Excerpts from a dataset:

|---|

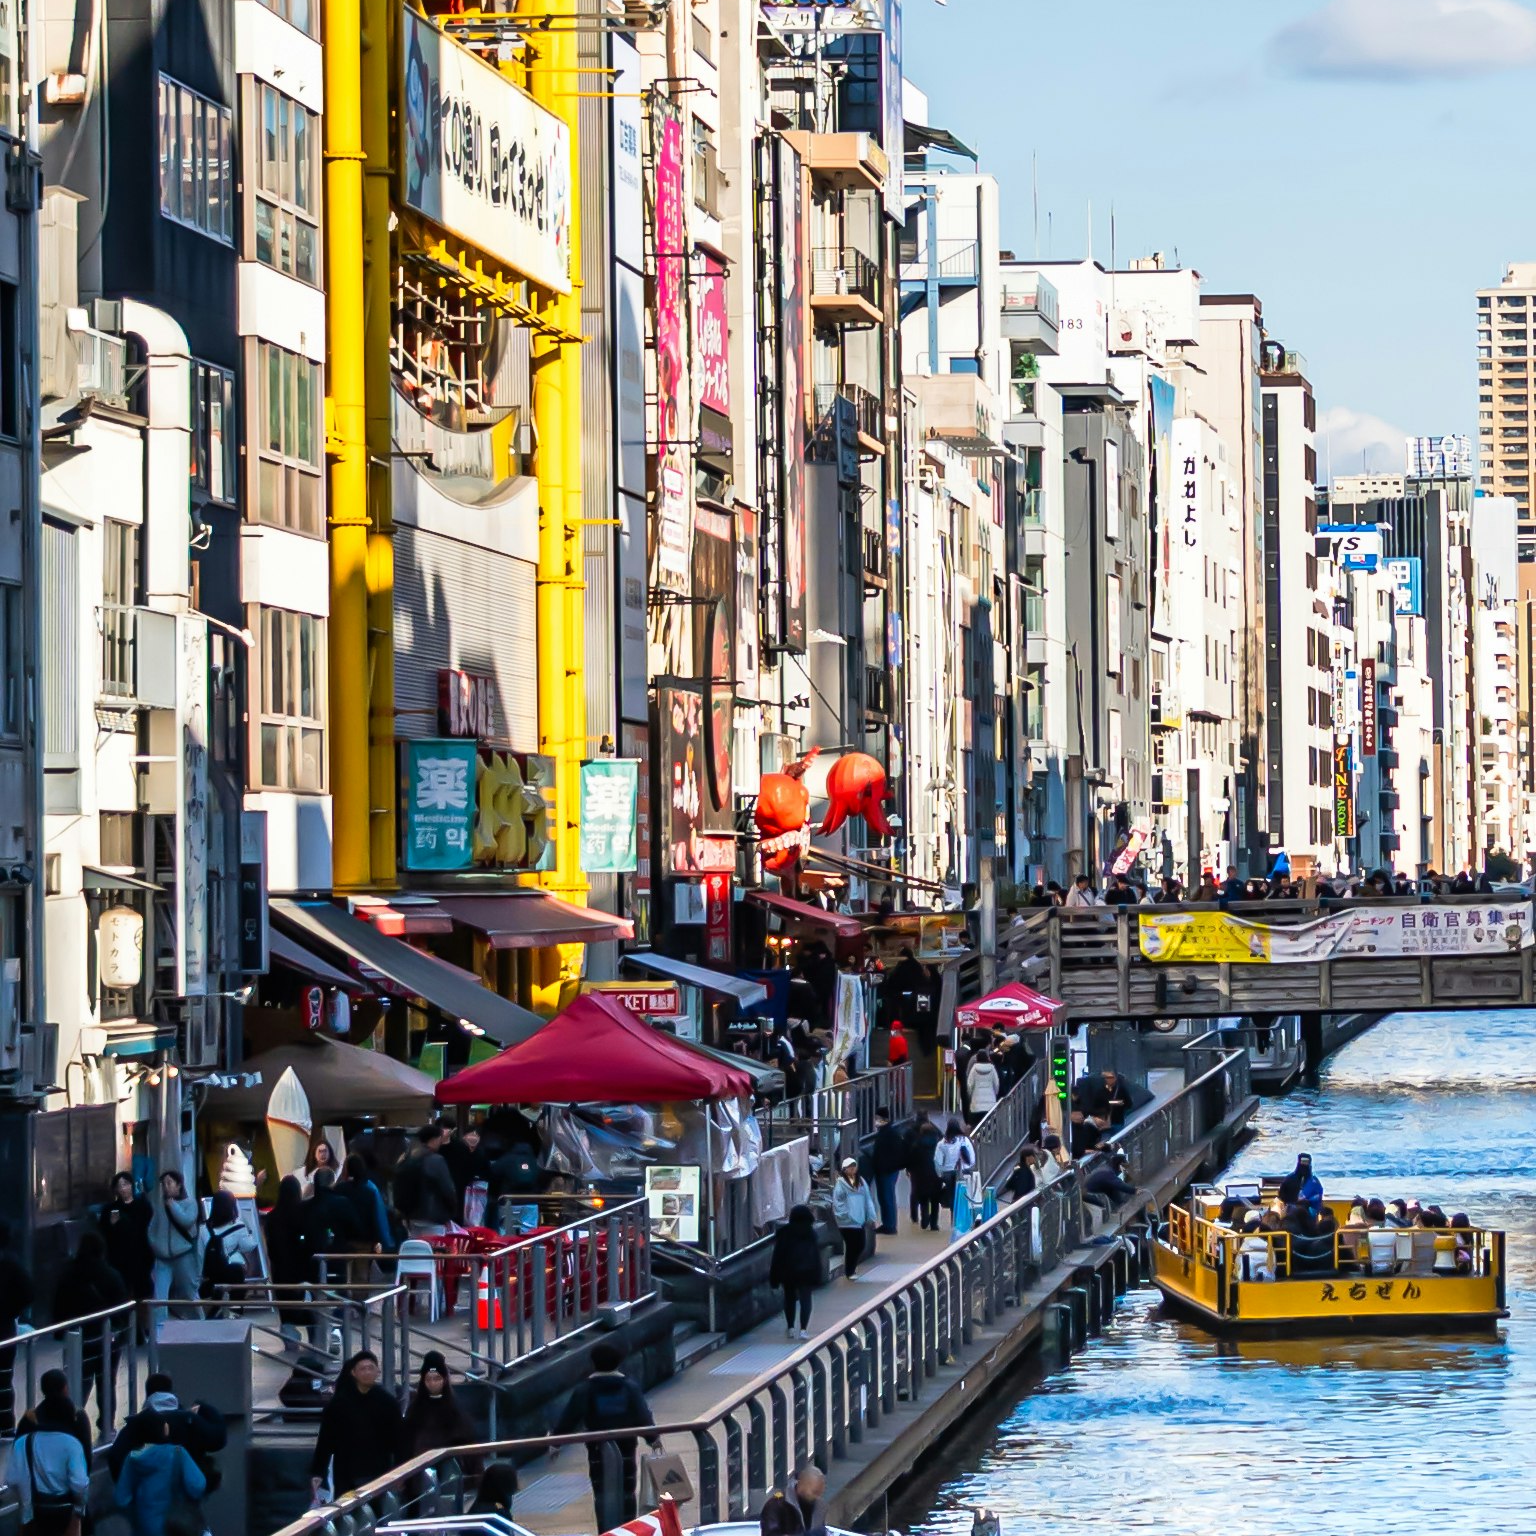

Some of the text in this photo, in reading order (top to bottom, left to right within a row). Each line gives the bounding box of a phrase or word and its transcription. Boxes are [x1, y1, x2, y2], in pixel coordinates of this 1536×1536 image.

[1183, 456, 1197, 547] かねよし
[416, 758, 469, 810] 薬
[1335, 746, 1349, 799] FINE
[586, 774, 633, 821] 薬
[1337, 799, 1346, 836] AROMA
[414, 814, 468, 824] Medicine
[1402, 910, 1526, 928] 自衛官募集中
[1321, 1282, 1421, 1301] えちぜん
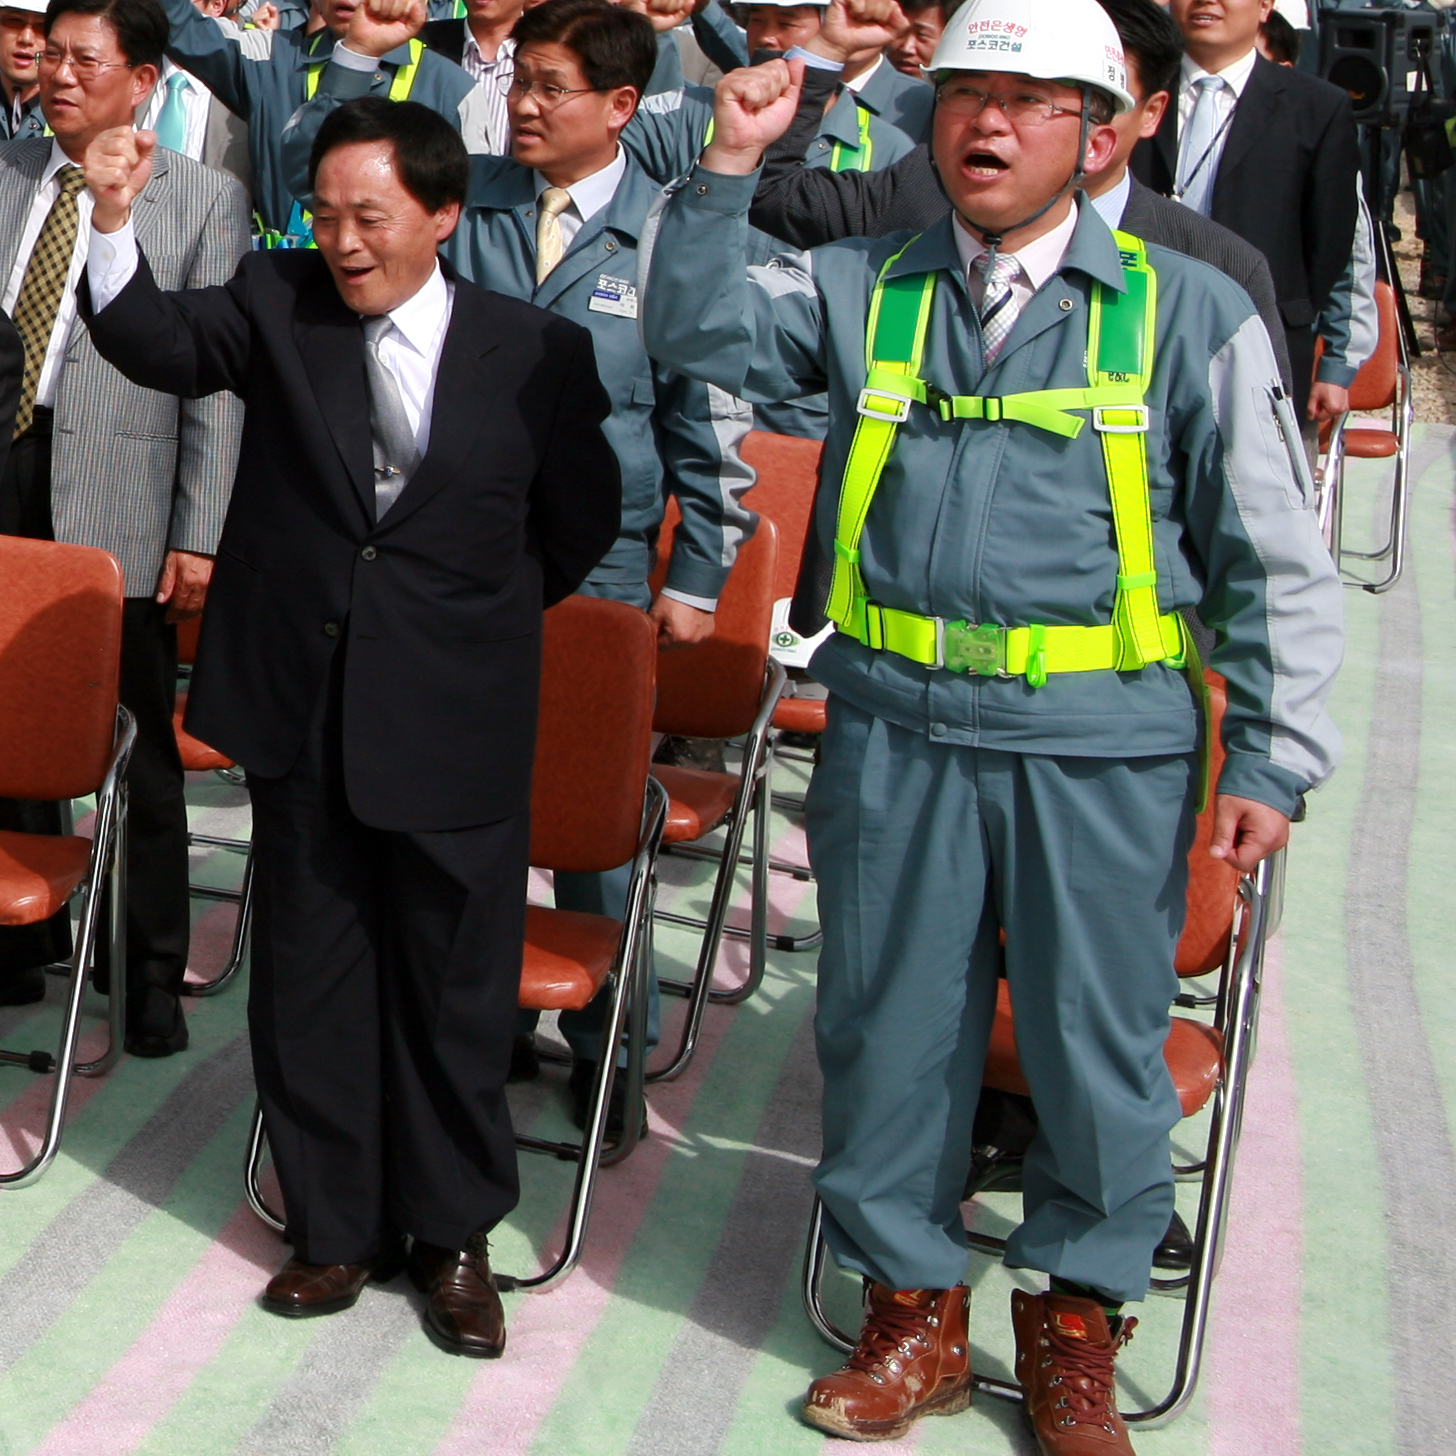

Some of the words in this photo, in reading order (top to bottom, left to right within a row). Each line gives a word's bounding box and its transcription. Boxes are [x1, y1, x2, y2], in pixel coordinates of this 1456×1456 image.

|---|

• _TASK DESCRIPTION_: Transcribe every entry exactly, leaving out the pictures.

• _RESULT_:
Some of the text in this photo, in reading order (top to bottom, left to right within a row). Each line gives the bounding box of a phrase or word and its transcription. Boxes are [x1, y1, x2, y2], in pixel coordinates of this 1536×1536 image.

[1183, 456, 1197, 547] かねよし
[416, 758, 469, 810] 薬
[1335, 746, 1349, 799] FINE
[586, 774, 633, 821] 薬
[1337, 799, 1346, 836] AROMA
[414, 814, 468, 824] Medicine
[1402, 910, 1526, 928] 自衛官募集中
[1321, 1282, 1421, 1301] えちぜん

Some of the words in this photo, in reading order (top to bottom, left to right within a row). Each line gives a word's bounding box and its transcription. Boxes are [x1, y1, x2, y2], in pixel coordinates of this 1456×1456 image.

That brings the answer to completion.